The 2000 Mid-American Conference baseball tournament took place in May 2000. The top three regular season finishers from each division met in the double-elimination tournament held at Gene Michael Field on the campus of Kent State University in Kent, Ohio. This was the twelfth Mid-American Conference postseason tournament to determine a champion. Third seed from the east won their second tournament championship to earn the conference's automatic bid to the 2000 NCAA Division I baseball tournament.

== Seeding and format ==
The top three finishers in each division, based on conference winning percentage only, participated in the tournament.
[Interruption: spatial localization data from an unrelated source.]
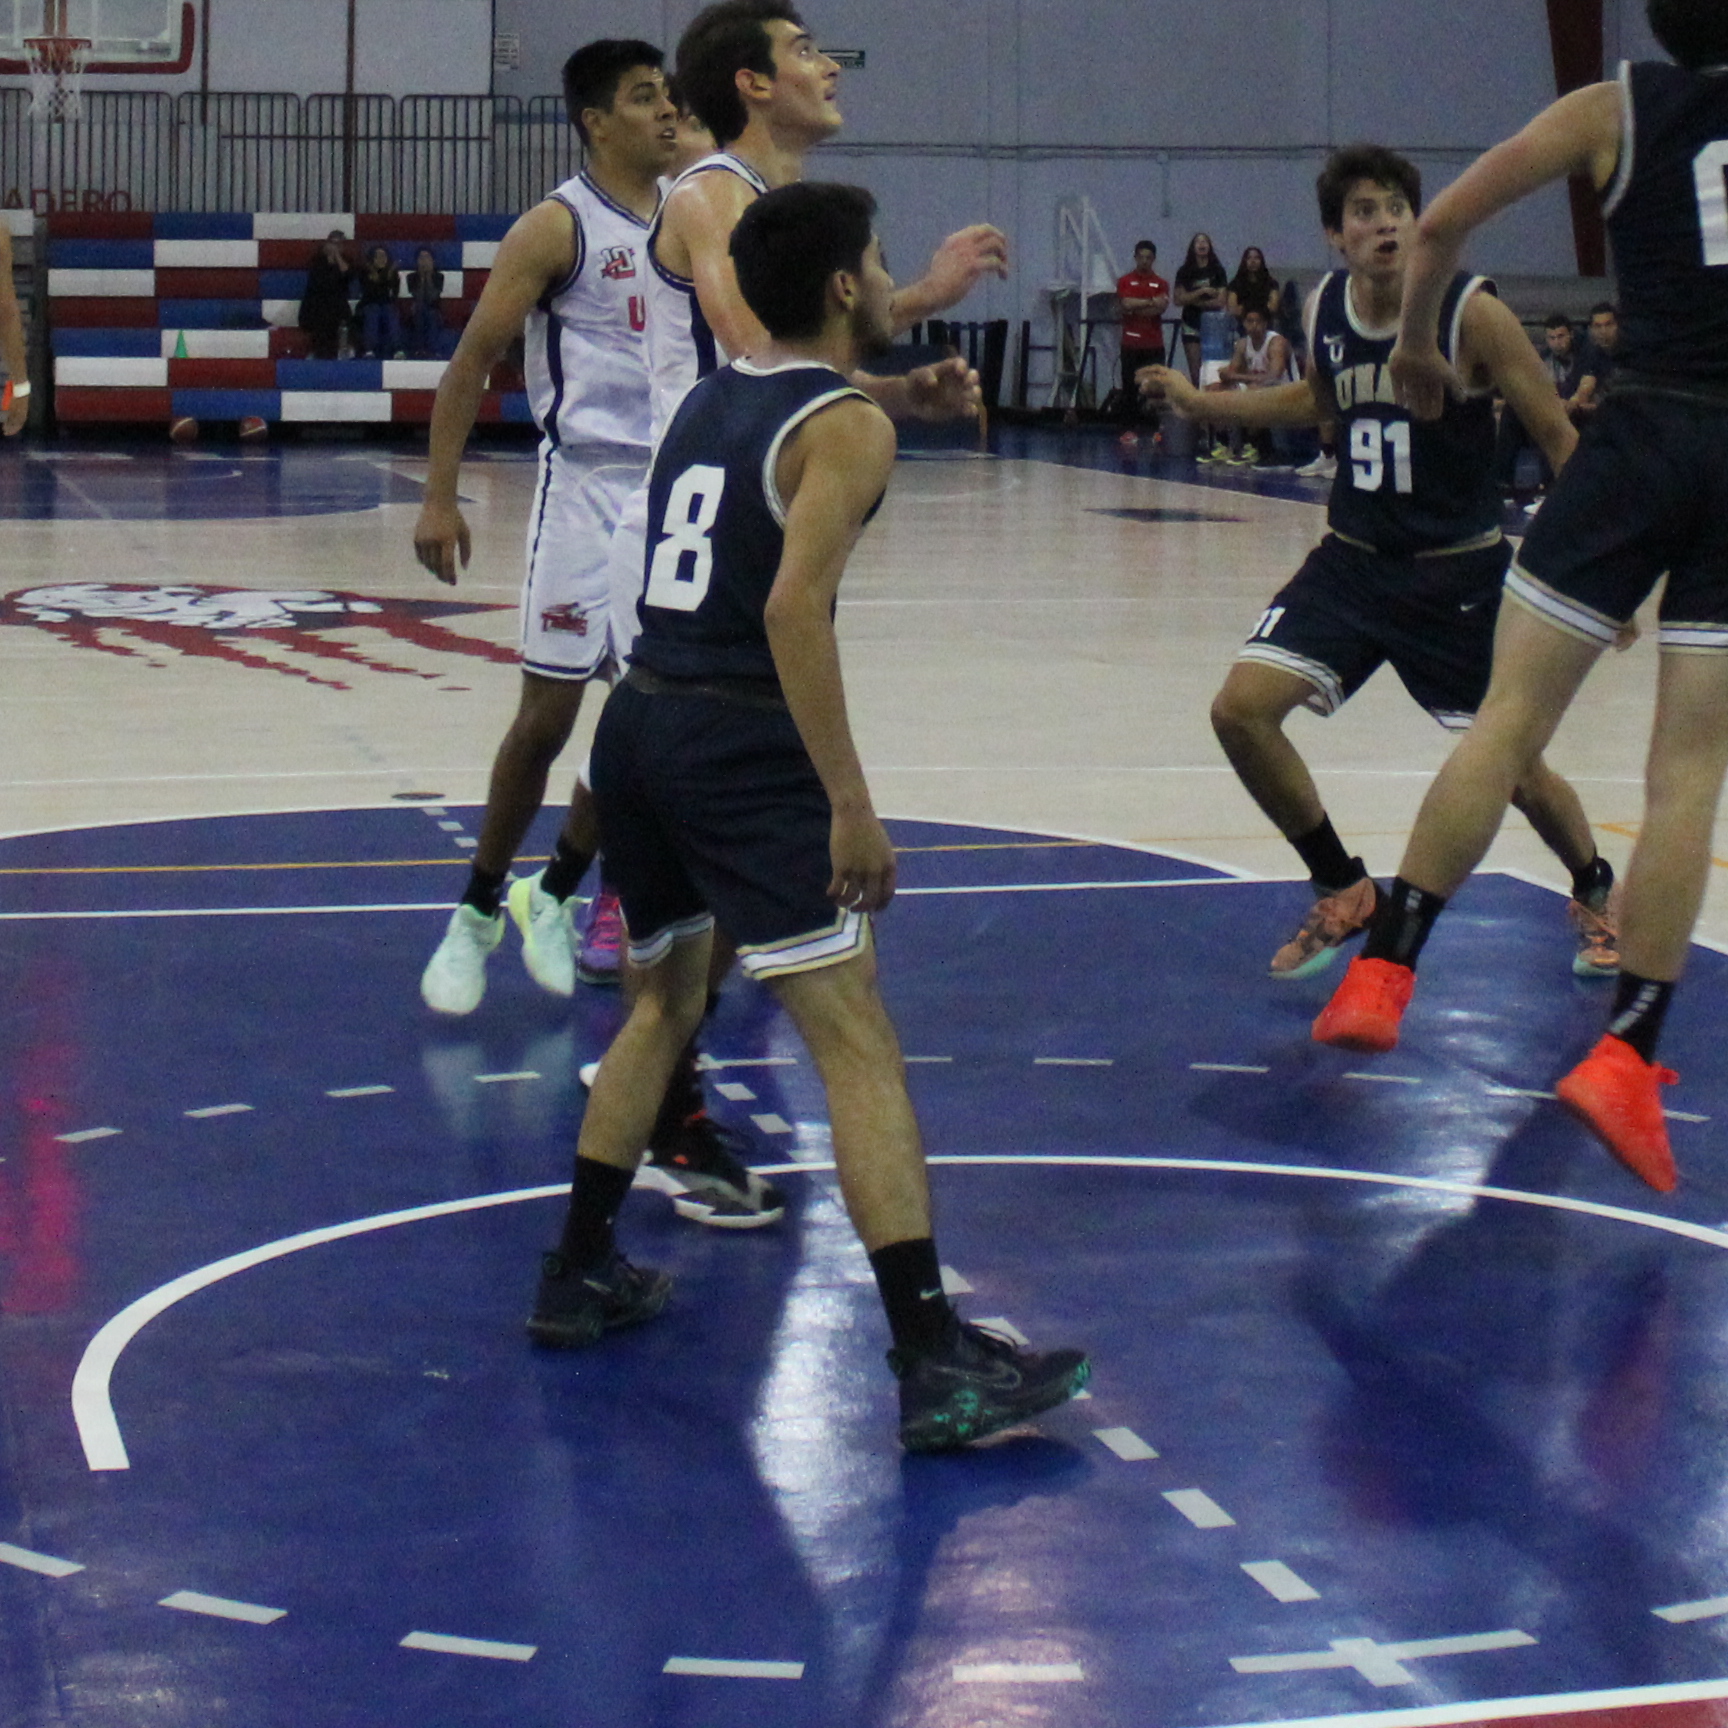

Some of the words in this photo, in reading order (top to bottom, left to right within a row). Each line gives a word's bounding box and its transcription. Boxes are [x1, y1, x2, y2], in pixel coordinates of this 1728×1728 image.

[1334, 362, 1396, 411] UNA
[1350, 418, 1413, 494] 91
[645, 463, 726, 612] 8
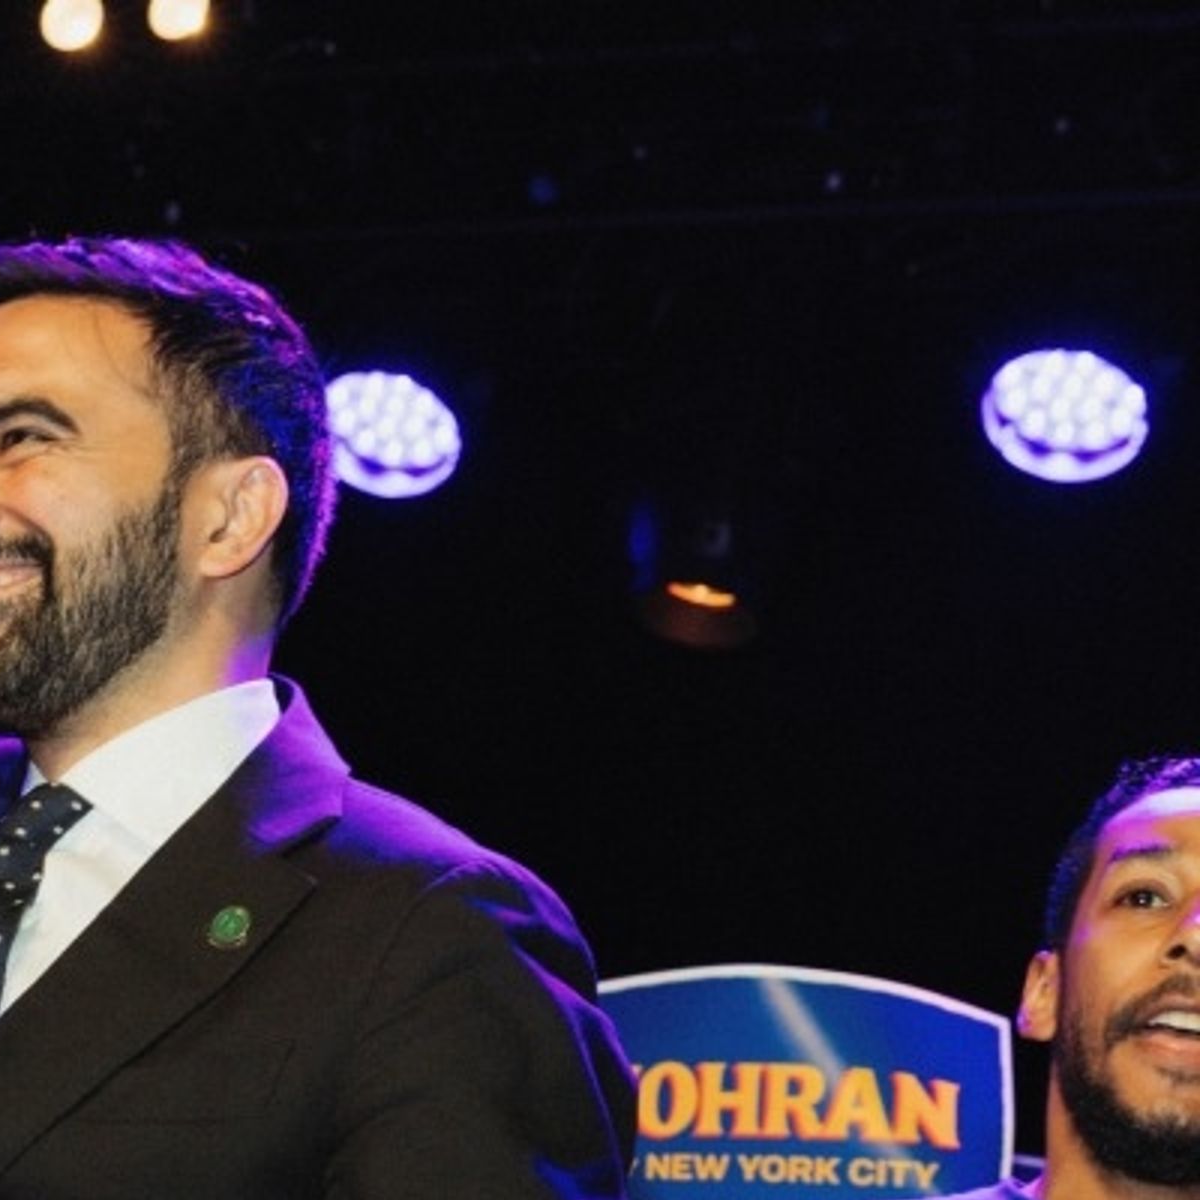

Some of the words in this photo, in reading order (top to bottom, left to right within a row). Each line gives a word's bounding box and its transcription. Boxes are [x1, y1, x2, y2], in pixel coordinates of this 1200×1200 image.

[632, 1061, 961, 1149] OHRAN
[645, 1153, 729, 1181] NEW
[737, 1153, 840, 1184] YORK
[847, 1157, 940, 1190] CITY
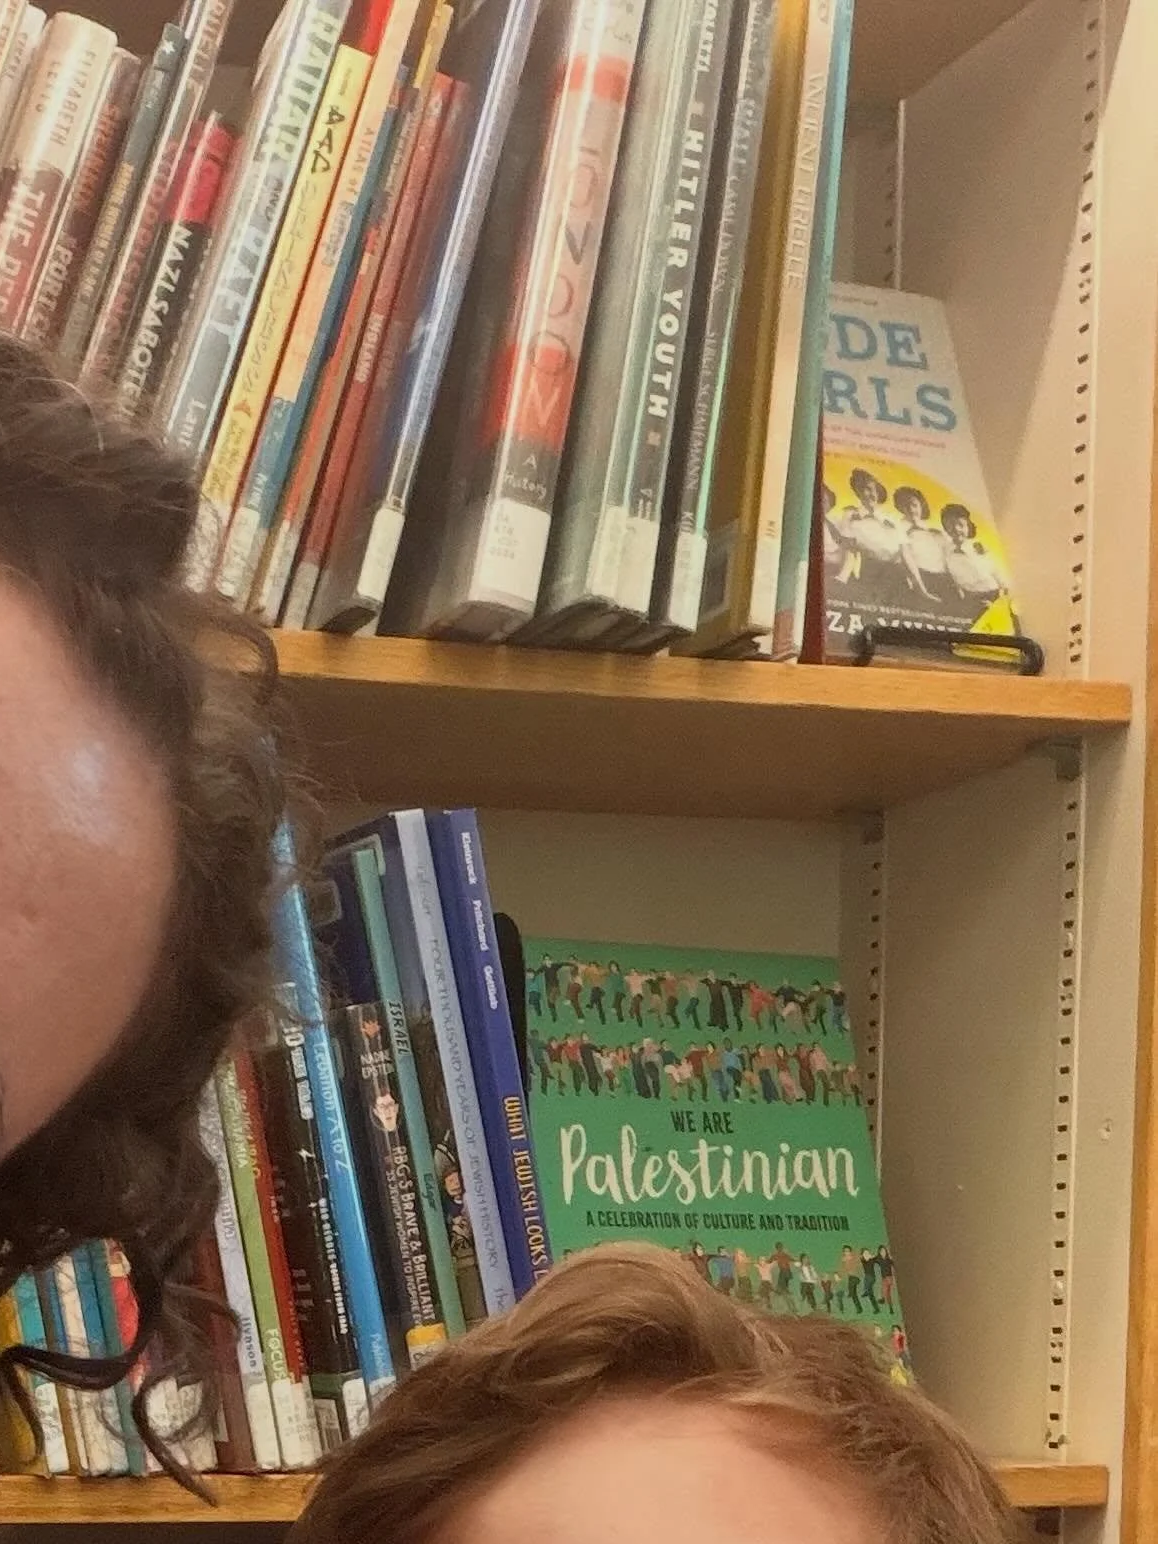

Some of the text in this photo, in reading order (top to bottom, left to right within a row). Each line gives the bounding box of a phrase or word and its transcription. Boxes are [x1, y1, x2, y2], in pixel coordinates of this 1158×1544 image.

The top seed in each division played the third seed from the opposite division in the first round. The teams played double-elimination tournament. This was the third year of the six team tournament. Central Michigan claimed the top seed from the West over Ball State by tiebreaker.

| Team | W | L | PCT | GB | Seed |
East Division
| Kent State | 20 | 6 | .769 | – | 1E |
| Ohio | 18 | 10 | .567 | 3 | 2E |
| Miami | 16 | 12 | .571 | 5 | 3E |
| Bowling Green | 14 | 12 | .538 | 6 | – |
| Akron | 12 | 15 | .444 | 8.5 | – |
| Marshall | 7 | 20 | .259 | 13.5 | – |
West Division
| Central Michigan | 18 | 8 | .692 | – | 1W |
| Ball State | 18 | 8 | .692 | – | 2W |
| Northern Illinois | 11 | 15 | .423 | 7 | 3W |
| Western Michigan | 10 | 18 | .357 | 9 | – |
| Toledo | 9 | 19 | .321 | 10 | – |
| Eastern Michigan | 9 | 19 | .321 | 10 | – |

== All-Tournament Team ==
The following players were named to the All-Tournament Team.

| Name | School |
|---|---|
| Tony Schiml | Ohio |
| Dan Schell | Central Michigan |
| Alex Marconi | Kent State |
| John Lackaff | Miami |
| Joe Spain | Miami |
| Doug Boone | Ball State |
| Bobby Barnes | Miami |
| Matt Crowley | Central Michigan |
| Kevin Uzarski | Central Michigan |
| Tom Yost | Miami |

=== Most Valuable Player ===
John Lackaff won the Tournament Most Valuable Player award. Lackaff played for Miami.